Sales Tax State Activity Update - January 2007

Texas Talks Taxability of Internet Employment Services

The petitioner offered three services all of which were found to be taxable as either a data processing service or an information service. One service had a component which would be exempt but it was bundled with a taxable service and therefore the entire charge was taxable.

Background

Petitioner provided various services to its customers. Service A was an Internet employment service that created a Web Site on which employers posted a company profile and job postings. The company profile and the right to post an unlimited number of job openings was billed as a package, with no allocation of the cost between the two services.

On some occasions the client merely filled out a template that it uploaded on Petitioner's Web Site, while at other times Petitioner would obtain information from the client or its Web Site, enter the data, design the presentation, and work through revisions with the client.

Service B was a product that included a search package to find those prospects who expressed a willingness to relocate.

Service C provided market information designed to assist companies in technology workforce decisions.

Taxpayer's Position

Petitioner contends that all three of the services were not subject to sales or use tax because by definiton they were not taxable data processing of information services.

Comptroller's Position

Rule 3.330(d) (2) provides that when nontaxable unrelated services and taxable services are sold for a single charge, the charge must be allocated between the services or the entire charge is taxable.

The creation of the company profiles was completed through the Service A by obtaining the information from the customer, entering the data on its Web Site, designing the presentation, and revising it to meet the requirements of the customer. All of these activities were found to be taxable data processing services.The Tax Division agrees that the uploading on its website of a template filled out by the customer is not a taxable data processing services. Petitioner has not provided documentation to allocate the percentage of the charge between the taxable and nontaxable services. As a result the entire charge is taxable. "Information service" is defined by Section 151.0038 as "furnishing general or specialized news or current information, including financial information," or "electronic data retrieval or research."
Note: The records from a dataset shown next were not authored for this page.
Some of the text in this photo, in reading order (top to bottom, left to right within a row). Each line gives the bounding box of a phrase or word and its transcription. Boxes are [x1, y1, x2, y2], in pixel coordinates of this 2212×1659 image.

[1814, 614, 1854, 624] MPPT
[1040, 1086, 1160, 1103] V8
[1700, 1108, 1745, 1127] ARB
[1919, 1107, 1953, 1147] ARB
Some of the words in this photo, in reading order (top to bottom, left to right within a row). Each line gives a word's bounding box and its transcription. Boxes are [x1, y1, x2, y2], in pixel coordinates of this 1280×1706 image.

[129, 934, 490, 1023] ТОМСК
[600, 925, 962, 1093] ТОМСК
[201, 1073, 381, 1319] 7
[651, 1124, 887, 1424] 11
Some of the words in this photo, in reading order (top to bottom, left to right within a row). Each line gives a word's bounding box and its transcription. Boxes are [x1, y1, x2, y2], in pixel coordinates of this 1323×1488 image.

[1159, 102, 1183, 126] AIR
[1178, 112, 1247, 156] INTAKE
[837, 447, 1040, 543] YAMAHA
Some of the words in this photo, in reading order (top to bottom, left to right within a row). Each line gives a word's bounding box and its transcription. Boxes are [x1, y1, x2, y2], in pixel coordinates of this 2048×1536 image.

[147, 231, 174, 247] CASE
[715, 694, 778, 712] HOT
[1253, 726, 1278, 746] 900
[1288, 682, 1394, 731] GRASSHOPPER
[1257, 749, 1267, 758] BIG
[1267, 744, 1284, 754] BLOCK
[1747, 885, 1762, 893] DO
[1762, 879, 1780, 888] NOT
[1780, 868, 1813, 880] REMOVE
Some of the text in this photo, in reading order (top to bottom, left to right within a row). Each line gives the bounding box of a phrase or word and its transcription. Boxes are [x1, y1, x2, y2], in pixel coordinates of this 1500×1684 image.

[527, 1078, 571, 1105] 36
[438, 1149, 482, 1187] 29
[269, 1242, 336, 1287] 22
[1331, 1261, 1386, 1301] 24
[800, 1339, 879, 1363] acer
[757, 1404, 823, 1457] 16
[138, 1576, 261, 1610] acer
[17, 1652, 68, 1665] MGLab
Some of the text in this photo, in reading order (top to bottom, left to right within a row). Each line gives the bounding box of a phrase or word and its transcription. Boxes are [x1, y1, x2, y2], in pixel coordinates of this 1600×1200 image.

Rule 3.342 provides that the sale of information gathered or compiled on behalf of a particular client is not subject to tax (Rule 3.342(a)(5)), whereas the sale of information that is gathered, maintained or compiled and made available to the public or to a specific segment of industry for consideration is subject to sales tax (Rule 3.342(a)(6)). In both the Service B, and Service C, Petitioner gathers, maintains, and compiles information that is made available to the public, specifically technology workers, for which it charges its customers. This is a taxable information service for which Petitioner was required to collect and remit sales tax.

The full text may be accessed on the Texas State Tax Automated Research System (STAR).

(Texas Comptroller of public Accounts, Hearing No. 45,694, 8/30/2006)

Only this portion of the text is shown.